* Task directions:
Retype each record below word for word, pictures excluded.

* Available data:
· · ·

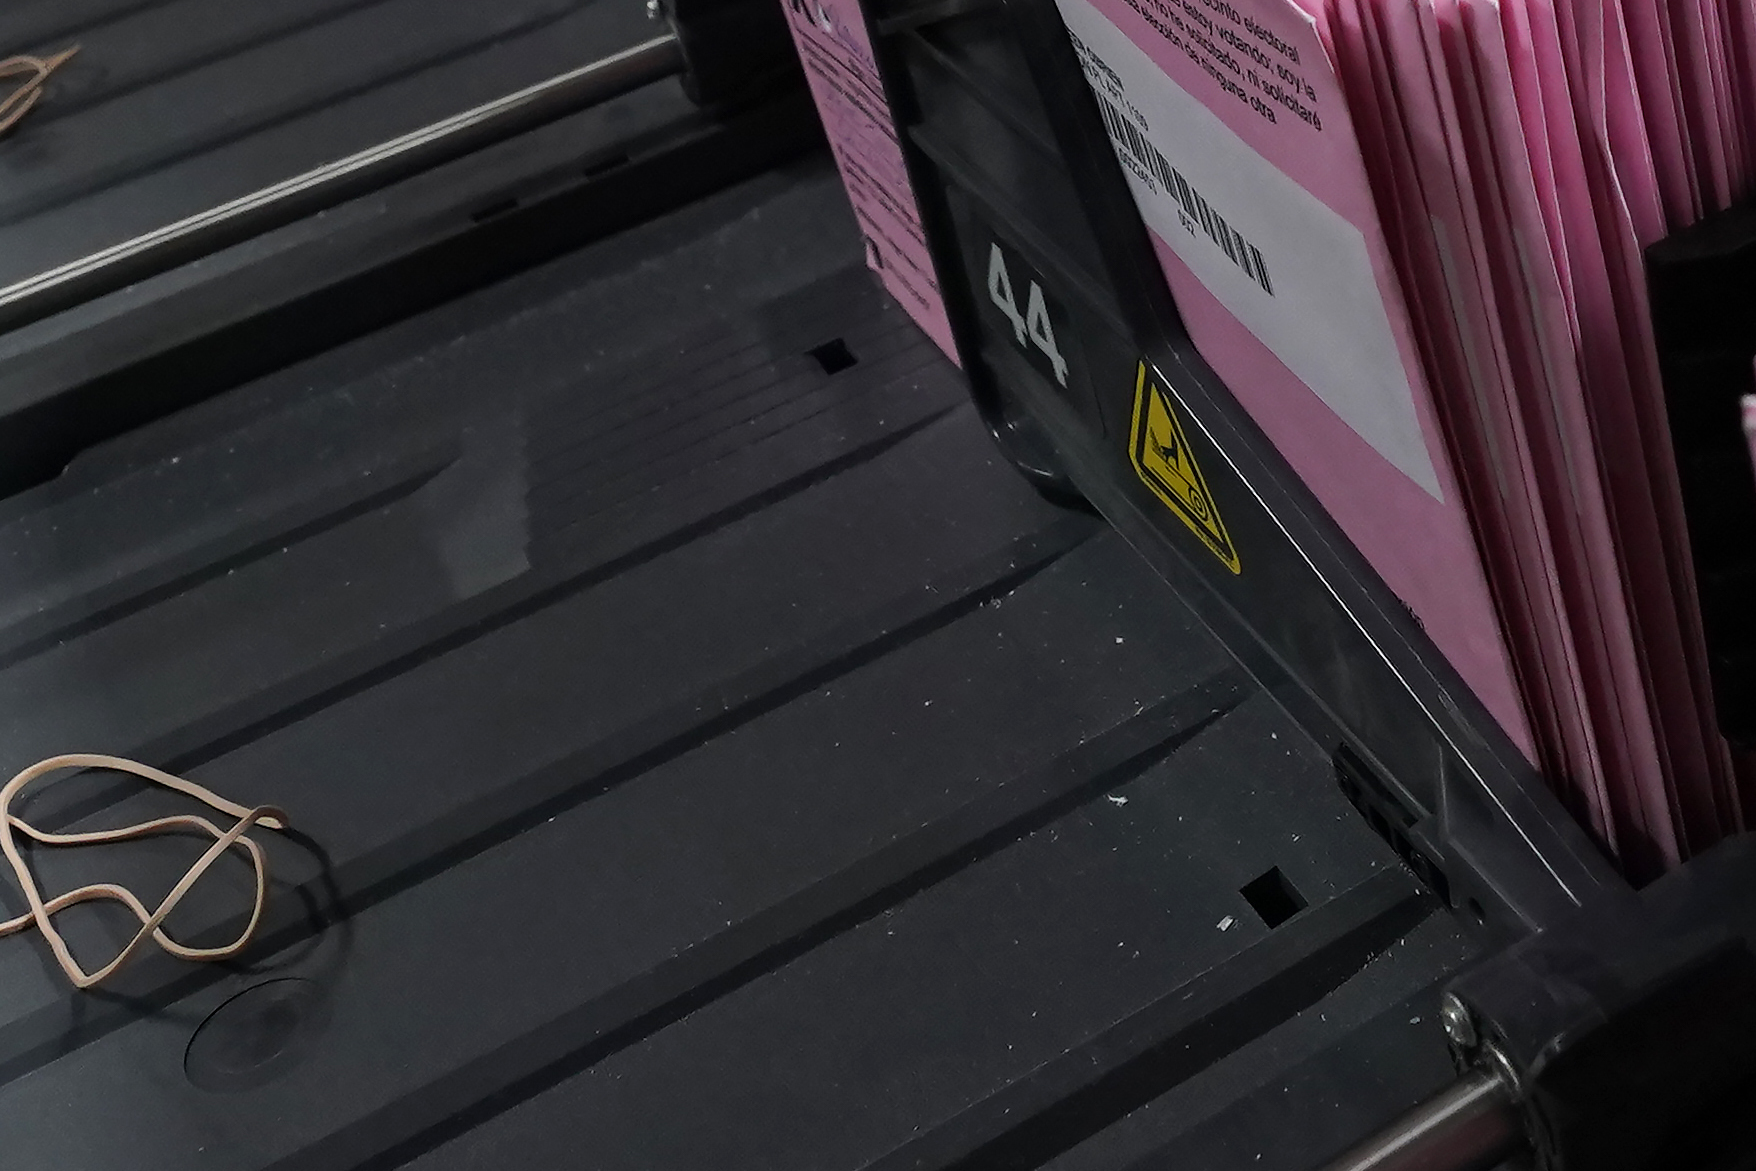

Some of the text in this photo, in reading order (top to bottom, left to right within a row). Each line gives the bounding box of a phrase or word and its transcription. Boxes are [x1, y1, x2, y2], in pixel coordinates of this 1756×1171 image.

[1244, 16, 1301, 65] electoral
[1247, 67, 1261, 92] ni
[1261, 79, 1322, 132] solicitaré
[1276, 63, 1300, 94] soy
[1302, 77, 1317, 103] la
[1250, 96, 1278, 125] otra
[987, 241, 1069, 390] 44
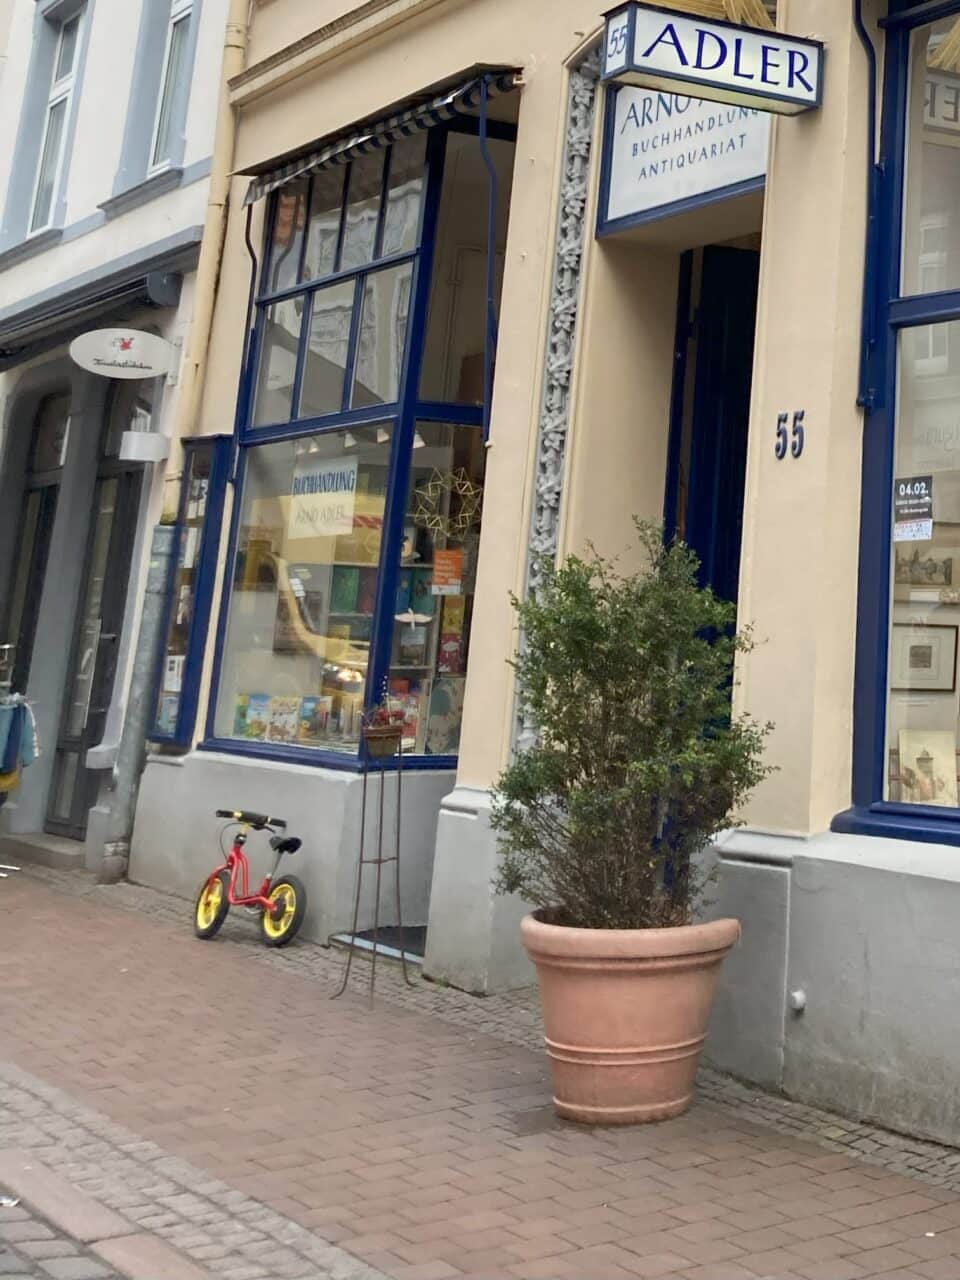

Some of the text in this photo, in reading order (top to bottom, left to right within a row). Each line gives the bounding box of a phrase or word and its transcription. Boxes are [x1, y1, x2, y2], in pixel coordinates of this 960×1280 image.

· · ·

* Result for this task:
Some of the text in this photo, in reading order (top to bottom, left to right within a row). Each line gives the bounding box of a phrase or word and its transcription. Boxes are [x1, y1, x2, y2], in pixel coordinates of this 1756×1171 image.

[1244, 16, 1301, 65] electoral
[1247, 67, 1261, 92] ni
[1261, 79, 1322, 132] solicitaré
[1276, 63, 1300, 94] soy
[1302, 77, 1317, 103] la
[1250, 96, 1278, 125] otra
[987, 241, 1069, 390] 44

Some of the text in this photo, in reading order (top to bottom, left to right within a row). Each line gives the bounding box of a phrase or word and its transcription. Boxes are [x1, y1, x2, y2], in pixel coordinates of this 960×1280 image.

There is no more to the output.